** Required work **
Every picture should be left out, but the lines below must be repeated exactly.

== == ==

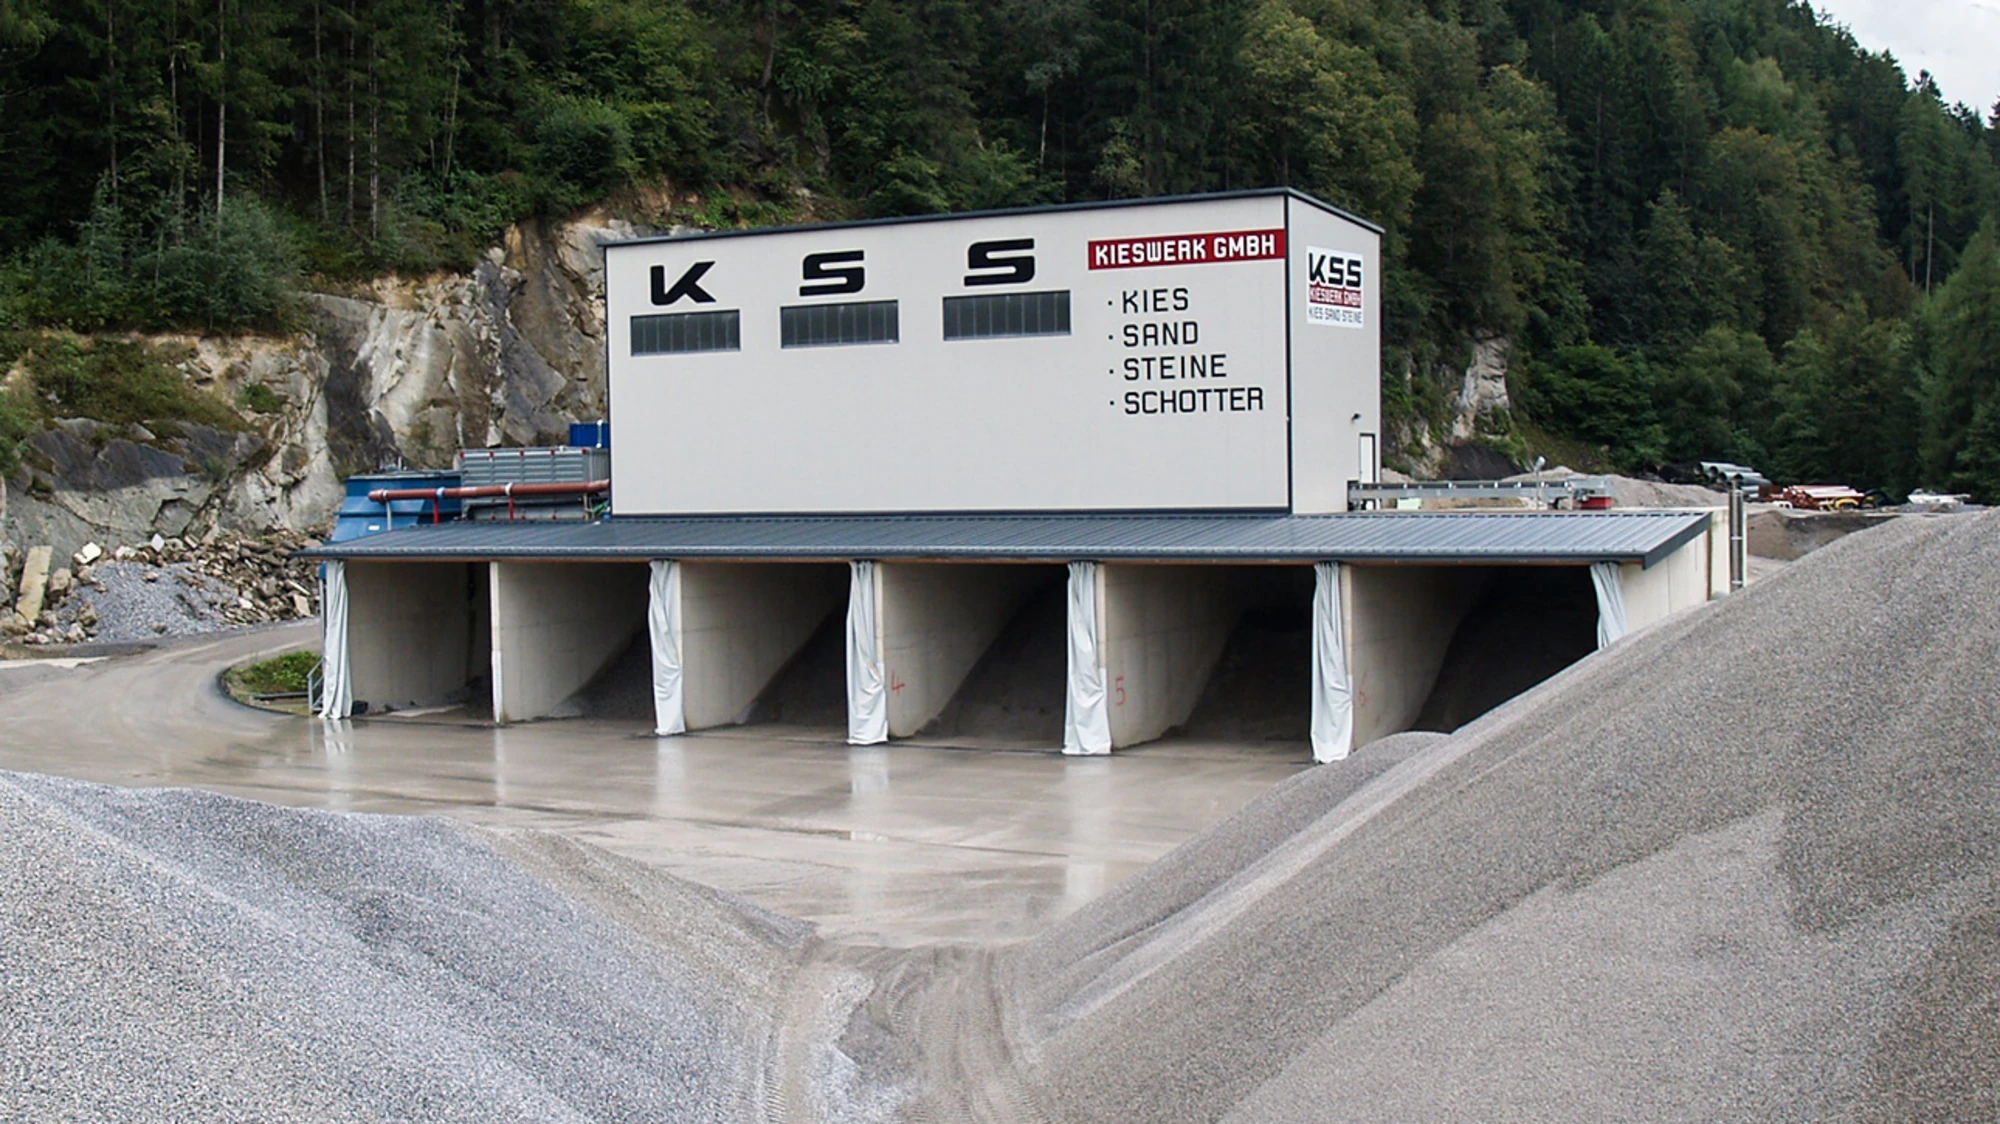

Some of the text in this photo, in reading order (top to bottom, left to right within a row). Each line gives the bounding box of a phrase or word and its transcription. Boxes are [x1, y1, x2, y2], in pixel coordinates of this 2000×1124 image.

[1094, 233, 1276, 267] KIESWERK GMBH
[1308, 252, 1362, 288] KSS
[1121, 287, 1190, 314] KIES
[1309, 286, 1343, 304] KIESWERK
[1122, 320, 1199, 348] SAND
[1123, 353, 1228, 381] STEINE
[1123, 386, 1264, 415] SCHOTTER
[890, 669, 905, 697] 4
[1114, 675, 1127, 708] 5

== == ==

** Answer to this task **
Some of the text in this photo, in reading order (top to bottom, left to right within a row). Each line gives the bounding box of a phrase or word and its transcription. Boxes are [x1, y1, x2, y2], in pixel coordinates of this 2000×1124 image.

[1094, 233, 1276, 267] KIESWERK GMBH
[1308, 252, 1362, 288] KSS
[1121, 287, 1190, 314] KIES
[1309, 286, 1343, 304] KIESWERK
[1122, 320, 1199, 348] SAND
[1123, 353, 1228, 381] STEINE
[1123, 386, 1264, 415] SCHOTTER
[890, 669, 905, 697] 4
[1114, 675, 1127, 708] 5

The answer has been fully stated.